[Exercise directions] An exact restatement of the data is required, with the images omitted.

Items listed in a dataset
▬▬▬▬▬▬▬▬▬▬
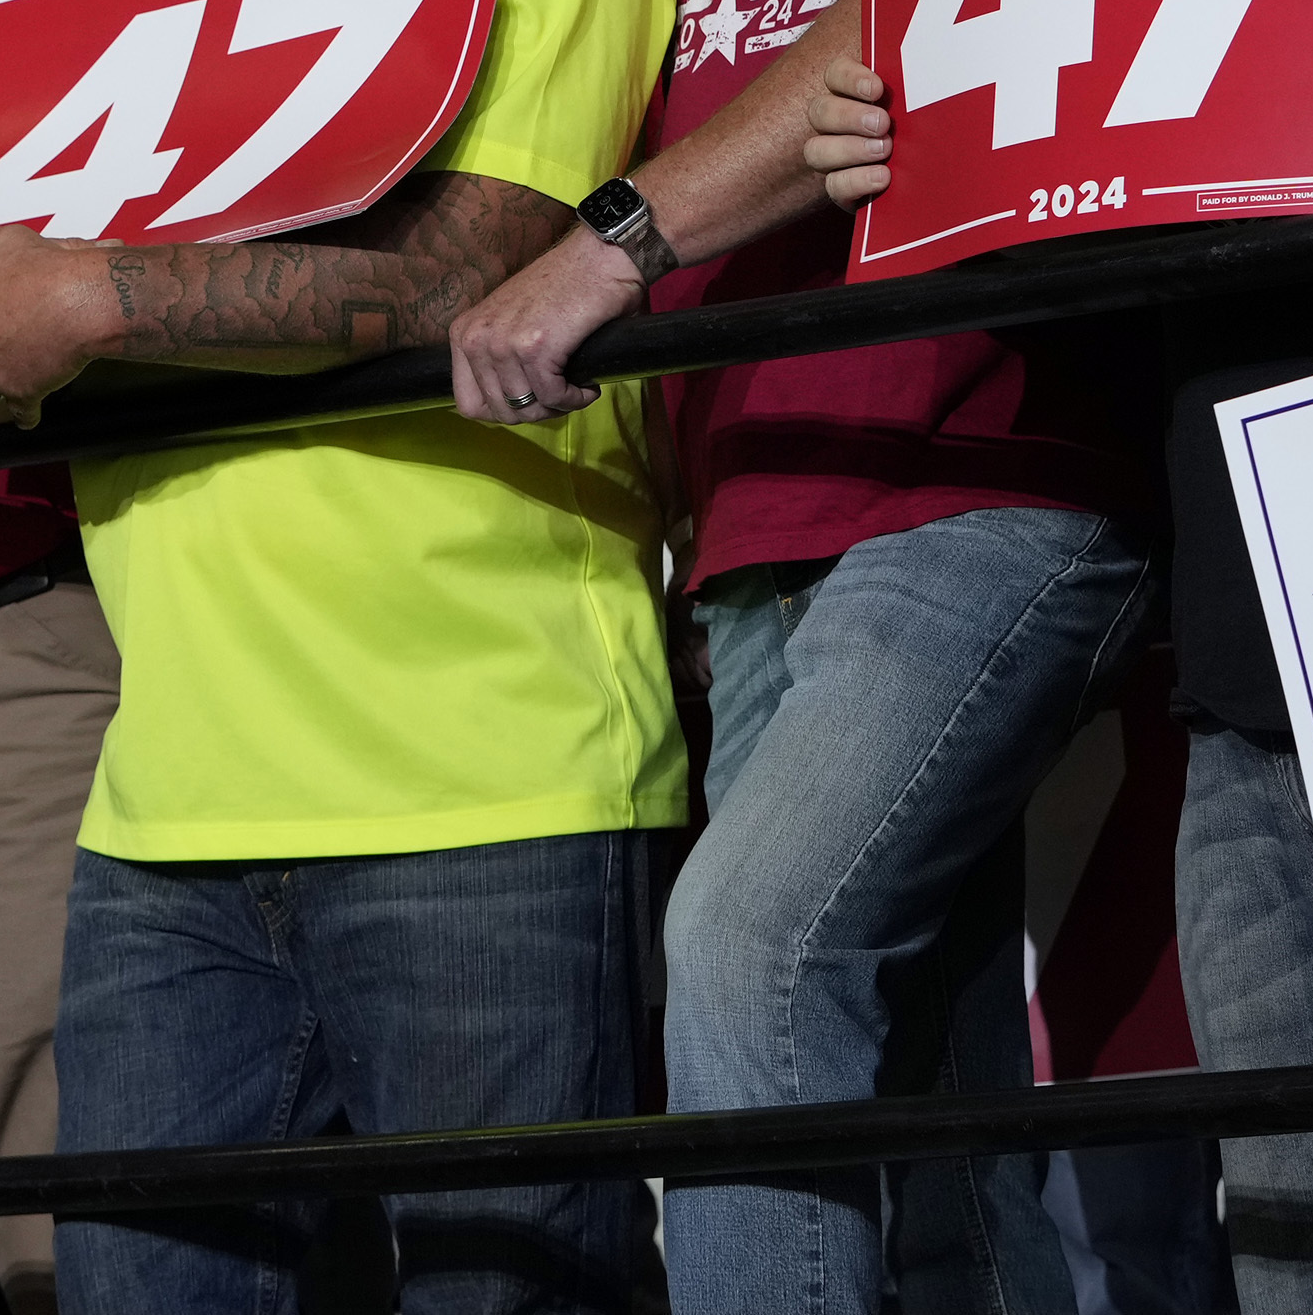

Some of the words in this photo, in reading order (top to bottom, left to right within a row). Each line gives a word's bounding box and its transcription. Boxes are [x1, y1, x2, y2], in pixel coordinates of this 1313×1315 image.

[1028, 176, 1127, 223] 2024
[1201, 197, 1221, 206] PAID
[1221, 196, 1238, 204] FOR
[1238, 195, 1249, 203] BY
[1249, 193, 1283, 203] DONALD
[1283, 192, 1291, 201] J.
[107, 254, 146, 321] Love
▬▬▬▬▬▬▬▬▬▬
[Solution to this problem]
Some of the words in this photo, in reading order (top to bottom, left to right within a row). Each line gives a word's bounding box and its transcription. Boxes are [x1, y1, x2, y2], in pixel coordinates of this 1313×1315 image.

[1028, 176, 1127, 223] 2024
[1201, 197, 1221, 206] PAID
[1221, 196, 1238, 204] FOR
[1238, 195, 1249, 203] BY
[1249, 193, 1283, 203] DONALD
[1283, 192, 1291, 201] J.
[107, 254, 146, 321] Love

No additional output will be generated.